──────── Given data ────────

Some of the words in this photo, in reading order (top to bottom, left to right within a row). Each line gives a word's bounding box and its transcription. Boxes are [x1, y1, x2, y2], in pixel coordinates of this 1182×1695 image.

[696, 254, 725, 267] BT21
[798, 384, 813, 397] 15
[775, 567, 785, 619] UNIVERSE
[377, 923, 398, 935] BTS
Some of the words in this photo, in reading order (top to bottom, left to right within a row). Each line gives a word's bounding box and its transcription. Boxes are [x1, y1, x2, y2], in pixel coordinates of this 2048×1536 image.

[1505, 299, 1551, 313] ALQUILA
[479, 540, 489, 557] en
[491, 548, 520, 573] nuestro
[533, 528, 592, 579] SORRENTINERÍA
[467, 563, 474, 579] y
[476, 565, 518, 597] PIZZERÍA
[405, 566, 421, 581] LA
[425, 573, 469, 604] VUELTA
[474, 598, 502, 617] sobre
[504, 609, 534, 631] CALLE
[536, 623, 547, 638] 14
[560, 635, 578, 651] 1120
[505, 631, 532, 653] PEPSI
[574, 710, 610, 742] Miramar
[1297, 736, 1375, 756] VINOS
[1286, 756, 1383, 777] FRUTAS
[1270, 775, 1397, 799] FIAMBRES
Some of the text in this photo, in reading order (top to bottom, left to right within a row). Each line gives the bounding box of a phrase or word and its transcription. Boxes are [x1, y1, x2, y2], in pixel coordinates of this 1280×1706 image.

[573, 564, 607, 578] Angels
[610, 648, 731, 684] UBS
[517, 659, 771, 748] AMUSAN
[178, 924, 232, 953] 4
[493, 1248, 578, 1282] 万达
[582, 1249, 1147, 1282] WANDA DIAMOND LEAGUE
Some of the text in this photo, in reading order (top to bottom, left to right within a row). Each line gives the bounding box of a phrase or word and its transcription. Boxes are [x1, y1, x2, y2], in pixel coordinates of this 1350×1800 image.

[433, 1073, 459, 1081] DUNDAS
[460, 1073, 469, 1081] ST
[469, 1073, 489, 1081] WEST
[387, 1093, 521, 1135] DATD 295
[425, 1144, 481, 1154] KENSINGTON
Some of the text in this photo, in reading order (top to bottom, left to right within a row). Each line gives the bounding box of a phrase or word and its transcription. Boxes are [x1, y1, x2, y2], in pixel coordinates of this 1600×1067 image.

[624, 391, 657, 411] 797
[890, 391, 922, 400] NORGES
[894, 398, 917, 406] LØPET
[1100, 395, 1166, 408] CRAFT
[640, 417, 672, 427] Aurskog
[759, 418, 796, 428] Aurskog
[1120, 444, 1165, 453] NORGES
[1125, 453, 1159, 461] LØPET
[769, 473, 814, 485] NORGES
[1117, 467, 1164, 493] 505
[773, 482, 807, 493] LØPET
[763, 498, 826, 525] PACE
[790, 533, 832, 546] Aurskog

────────

## Task instructions
Your answer should be the records themselves, returned word for word.

## Task solution
Some of the words in this photo, in reading order (top to bottom, left to right within a row). Each line gives a word's bounding box and its transcription. Boxes are [x1, y1, x2, y2], in pixel coordinates of this 1182×1695 image.

[696, 254, 725, 267] BT21
[798, 384, 813, 397] 15
[775, 567, 785, 619] UNIVERSE
[377, 923, 398, 935] BTS
Some of the words in this photo, in reading order (top to bottom, left to right within a row). Each line gives a word's bounding box and its transcription. Boxes are [x1, y1, x2, y2], in pixel coordinates of this 2048×1536 image.

[1505, 299, 1551, 313] ALQUILA
[479, 540, 489, 557] en
[491, 548, 520, 573] nuestro
[533, 528, 592, 579] SORRENTINERÍA
[467, 563, 474, 579] y
[476, 565, 518, 597] PIZZERÍA
[405, 566, 421, 581] LA
[425, 573, 469, 604] VUELTA
[474, 598, 502, 617] sobre
[504, 609, 534, 631] CALLE
[536, 623, 547, 638] 14
[560, 635, 578, 651] 1120
[505, 631, 532, 653] PEPSI
[574, 710, 610, 742] Miramar
[1297, 736, 1375, 756] VINOS
[1286, 756, 1383, 777] FRUTAS
[1270, 775, 1397, 799] FIAMBRES
Some of the text in this photo, in reading order (top to bottom, left to right within a row). Each line gives the bounding box of a phrase or word and its transcription. Boxes are [x1, y1, x2, y2], in pixel coordinates of this 1280×1706 image.

[573, 564, 607, 578] Angels
[610, 648, 731, 684] UBS
[517, 659, 771, 748] AMUSAN
[178, 924, 232, 953] 4
[493, 1248, 578, 1282] 万达
[582, 1249, 1147, 1282] WANDA DIAMOND LEAGUE
Some of the text in this photo, in reading order (top to bottom, left to right within a row). Each line gives the bounding box of a phrase or word and its transcription. Boxes are [x1, y1, x2, y2], in pixel coordinates of this 1350×1800 image.

[433, 1073, 459, 1081] DUNDAS
[460, 1073, 469, 1081] ST
[469, 1073, 489, 1081] WEST
[387, 1093, 521, 1135] DATD 295
[425, 1144, 481, 1154] KENSINGTON
Some of the text in this photo, in reading order (top to bottom, left to right within a row). Each line gives the bounding box of a phrase or word and its transcription. Boxes are [x1, y1, x2, y2], in pixel coordinates of this 1600×1067 image.

[624, 391, 657, 411] 797
[890, 391, 922, 400] NORGES
[894, 398, 917, 406] LØPET
[1100, 395, 1166, 408] CRAFT
[640, 417, 672, 427] Aurskog
[759, 418, 796, 428] Aurskog
[1120, 444, 1165, 453] NORGES
[1125, 453, 1159, 461] LØPET
[769, 473, 814, 485] NORGES
[1117, 467, 1164, 493] 505
[773, 482, 807, 493] LØPET
[763, 498, 826, 525] PACE
[790, 533, 832, 546] Aurskog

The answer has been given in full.